Nvidia Chat with RTX runs a ChatGPT-style application on your GPU that works with your local data — RTX 30-series or later required

(Image credit: Nvidia)

Nvidia is the first of the top four AI giants to release a free chatbot dedicated to local offline use. The new Chat with RTX app allows users to use open language models locally without connecting to the cloud. The only real drawback with "Chat with RTX" is its sky-high system requirements and huge download size, particularly when compared with cloud solutions. You'll need an RTX 30-series GPU or later with at least 8GB of VRAM and Windows 10 or 11 to run it.

Chat with RTX's main selling point is its offline capabilities and user customizability. Nvidia's chatbot allows you to specify your own files so the chatbot can produce answers custom-tailored to your needs. You can import various file formats, including .txt, PDF, Word, and XML documents. YouTube videos can also be downloaded and parsed by the chatbot.

YouTube

Watch On

For example, I fed Chat with RTX two YouTube videos, one from MKBHD and one from Formula 1. I asked the chatbot about specific topics in each video, and it responded with concise answers taken directly from each video. Once you feed it a question that correlates with a topic in a file or video that you've injected into the chatbot, it will let you know which file/video its answer came from.
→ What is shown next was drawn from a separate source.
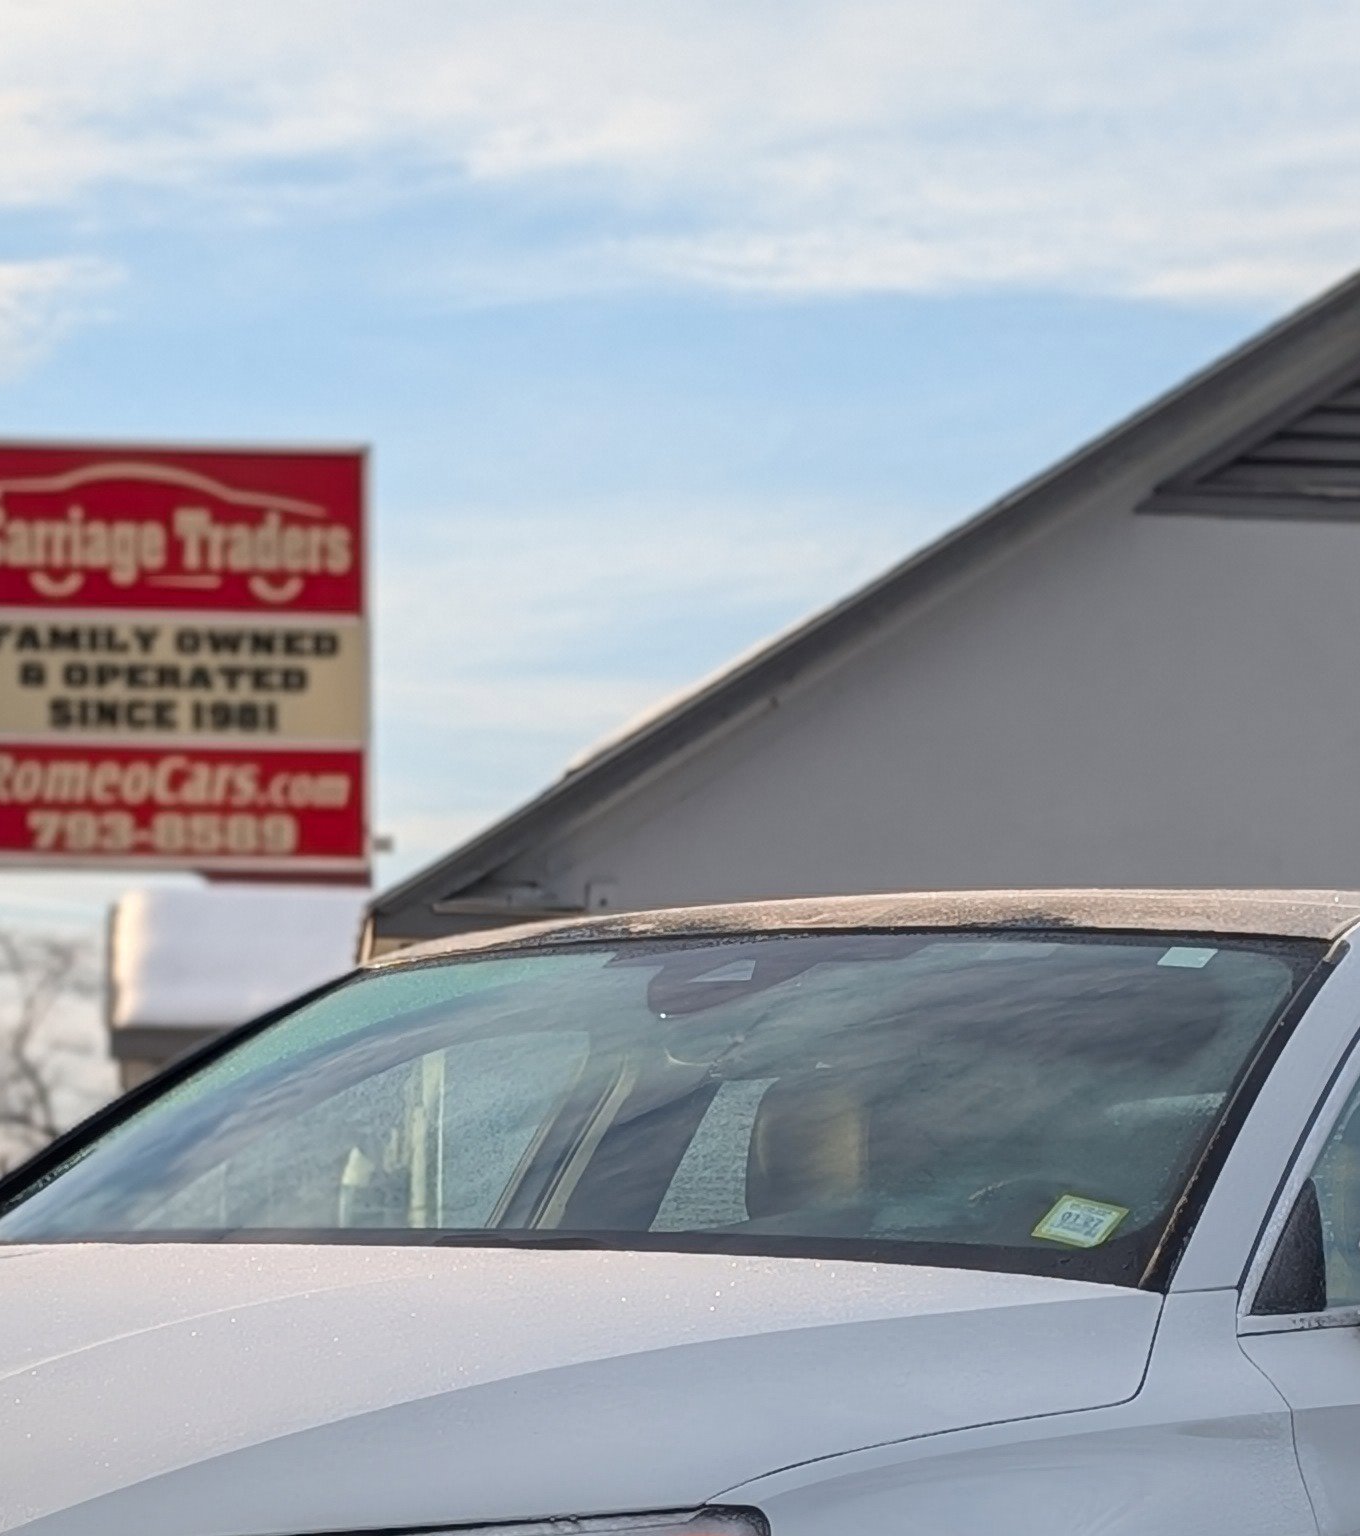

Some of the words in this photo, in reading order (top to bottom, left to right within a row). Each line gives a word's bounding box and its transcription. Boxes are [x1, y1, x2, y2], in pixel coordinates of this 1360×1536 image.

It's a pretty cool application that gives you more control than online solutions like Copilot and Gemini. However, its localized design does have a drawback in that it won't search the internet for answers. Depending on the use case, this can be a positive or a negative.

Chat with RTX utilizes the Mistral or LIama 2 open-source language models combined with Retrieval-Augmented Generation (RAG) — RAG being the mode of tuning the responses with your own data. To bring it to desktops, Nvidia is using its TensorRT-LLM software to allow the app to better utilize the tensor cores of RTX 30- or RTX 40-series GPUs.

The actual application starts out as a 35GB download. Once you extract that, you then have to complete the installation process, which downloads some additional data (we didn't track exactly how much). It also goes through a compilation process to target your specific GPU, which can take 15 minutes, give or take. Parsing your local files for additional context will also take time, which varies depending on how many files are present. We put 150 files into a folder, and it took about three minutes to customize the app with our local data.

The application is in its demonstration phase, so don't expect it to produce perfect answers. RTX 20-series owners are out of luck as well. It's not entirely clear why the original Turing architecture GPUs aren't supported, though Nvidia suggested time constraints were a factor and that it could make its way to 20-series cards in the future.

TOPICS

Aaron Klotz is a contributing writer for Tom’s Hardware, covering news related to computer hardware such as CPUs, and graphics cards.

10 Comments Comment from the forums

Notton

"The only real drawback with "Chat with RTX" is its sky-high system requirements and huge download size, particularly when compared with cloud solutions."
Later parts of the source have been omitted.